No plano daquilo que está causando polêmica maior — a aplicação da PEC aos membros do STF, que, com isso, poderão permanecer mais 5 anos na judicatura — causa espanto que no mundo todo os tribunais caminham no sentido de estabelecer mandatos fixos para os juízes das supremas cortes. Só aqui é que, em vez de discutir isso a fundo, queremos fazer isso de forma genérica. Não dá para aceitar que a discussão seja posta desse modo. Sendo mais simples: tudo a está a indicar que os parlamentares, para conseguirem uma extensão do tempo de serviço dos membros dos tribunais superiores — e, por favor, todos sabemos a motivação já desde 2005 quando surgiu a PEC — constroem uma emenda para todo o serviço público (até porque não poderiam fazer uma PEC dirigida, explicitamente, aos tribunais superiores). Em nenhum momento o Parlamento demonstrou o contrário disso que estou falando. Um detalhe: se a PEC vem se arrastando desde 2005 e estando o Parlamento com nova composição (o senado com um terço renovado), não necessitaria o assunto voltar às comissões respectivas? Ao que vi no site da Câmara, a última movimentação foi em junho de 2006, portanto, nove anos atrás. Isso não é relevante? Como “aproveitar” o que já foi votado nessa PEC depois de tantos anos e várias legislaturas? Portanto, esse assunto deveria partir do zero. No mínimo para que os novos parlamentares possam discutir a matéria. Como “desarquivar” (não importa, aqui, se a matéria é ou não sujeita a arquivamento) desse modo? Mesmo que haja alguma brecha no regimento interno, não parece que essa normativa permissiva seja compatível com a principiologia constitucional (soberania popular, democracia representativa, etc; afinal, um novo parlamento não pode simplesmente sufragar o que outras composições fizeram anos atrás). Bingo, pois não? Obs: aliás, há algo mais confuso que o Regimento Interno da Câmara dos Deputados ou do Senado?

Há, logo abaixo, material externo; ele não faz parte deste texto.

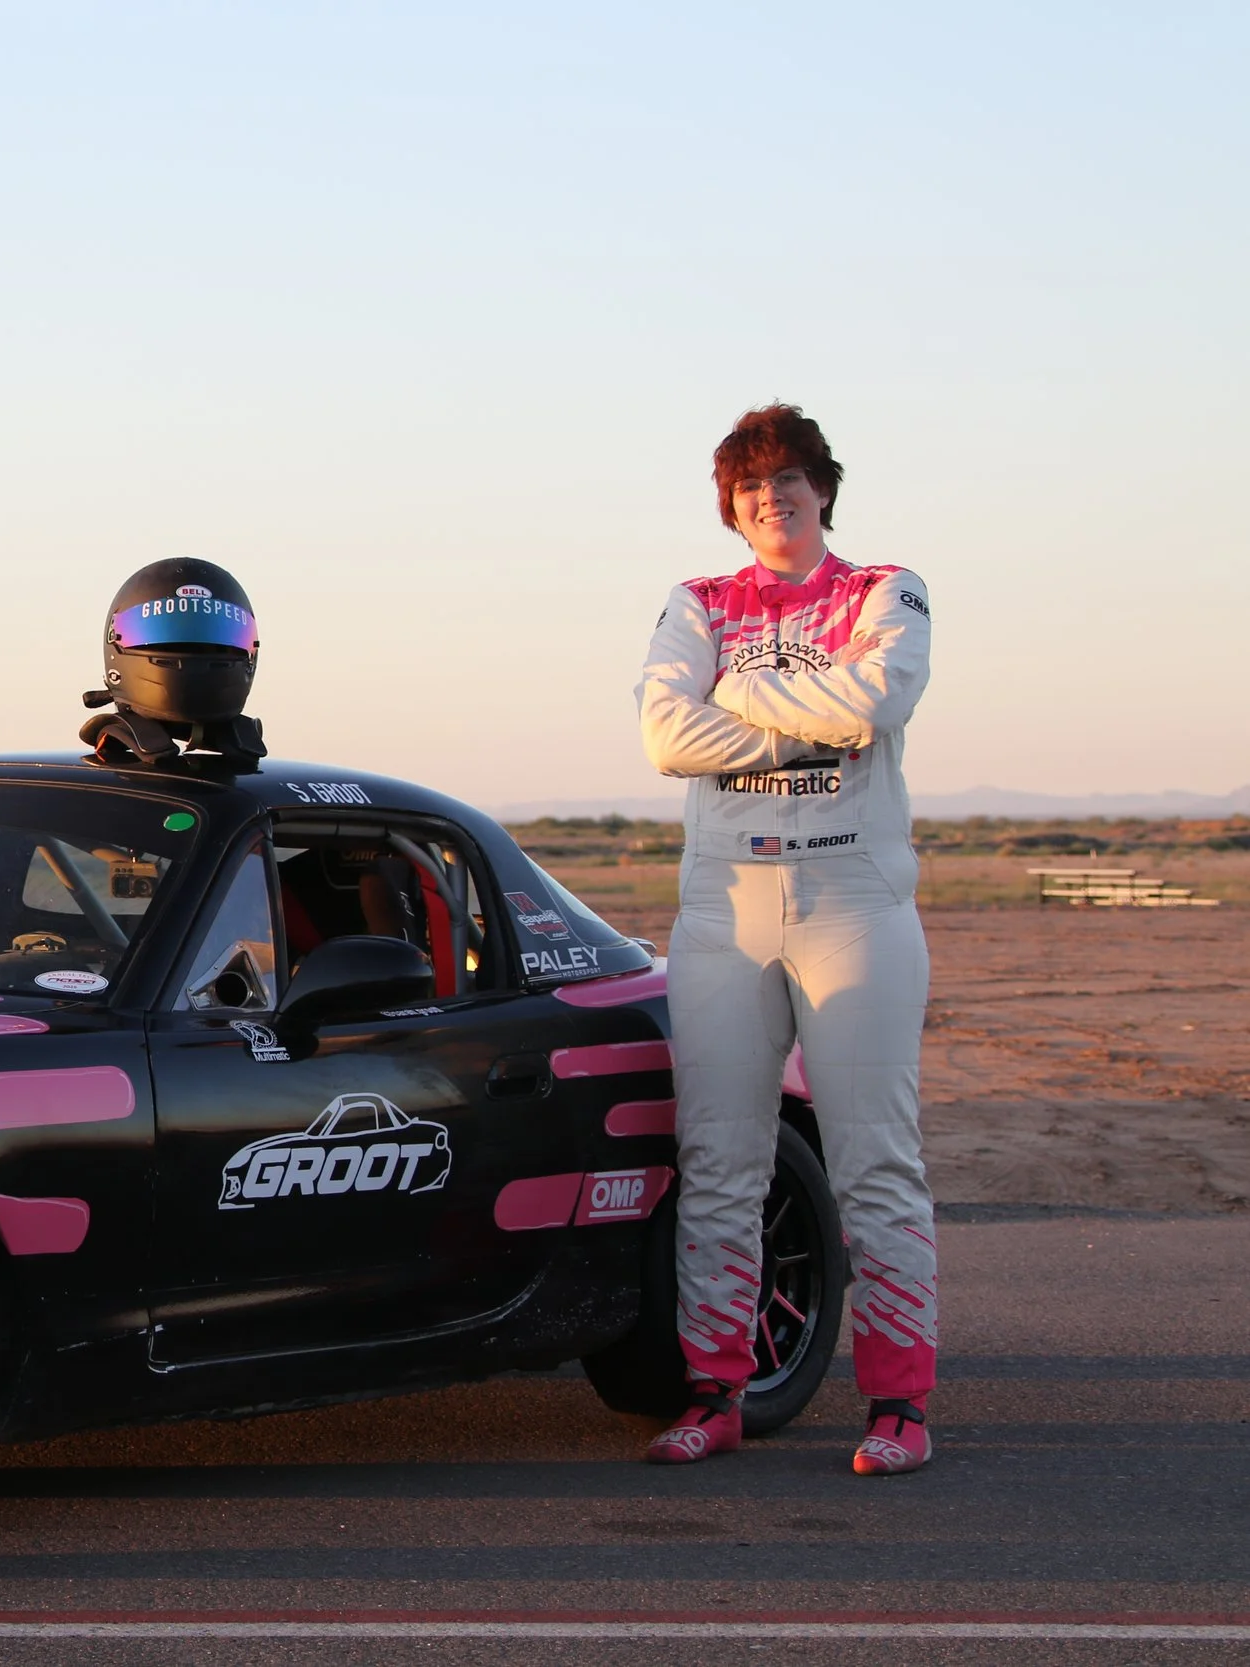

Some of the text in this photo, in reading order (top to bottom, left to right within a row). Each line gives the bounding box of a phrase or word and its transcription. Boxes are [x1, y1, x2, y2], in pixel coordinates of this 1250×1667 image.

Ouvindo falar disso tudo, lembro do filme O Curioso caso de Benjamin Button, cujo ciclo da vida se fez ao contrário. Por uma rara doença, ele nasceu velho e foi ficando jovem na medida em que o tempo passava. Quem sabe a PEC da Bengala (cujo nome, como disse, abomino por ser preconceituoso) não deva ser chamada de A Curiosa PEC Benjamin Button. Vejam o filme e entenderão. Ela — a PEC — já nasce velha. E por que? Porque parece repleta da velha política. Igualzinho a coisas como “orçamento impositivo”. Ora, obrigar o governo a liberar o dinheiro das emendas parlamentares não me parece ser uma prática nova, certo? Dezesseis milhões por parlamentar? É disso que se trata? Qual é a prognose disso? O porteiro do Supremo Tribunal Federal deveria declarar essa emenda inconstitucional (aprovada no dia 10 último).
Esse é o problema: quando Benjamin fica velho, fica tão jovem que desaparece.
Post scriptum: Li na ConJur que um dos réus da "lava jato" (Carlos Alberto Pereira da Costa) é defendido pela Defensoria Pública da União. Pois é. Deve ter comprovado a sua hipossuficiência, pois não? Ou isso não mais é necessário? Revogaram (também) o dispositivo da Constituição que diz que a Defensoria defende os hipossuficientes? Ou, no caso concreto, o referido acusado na "lava jato" está “testando o sistema”?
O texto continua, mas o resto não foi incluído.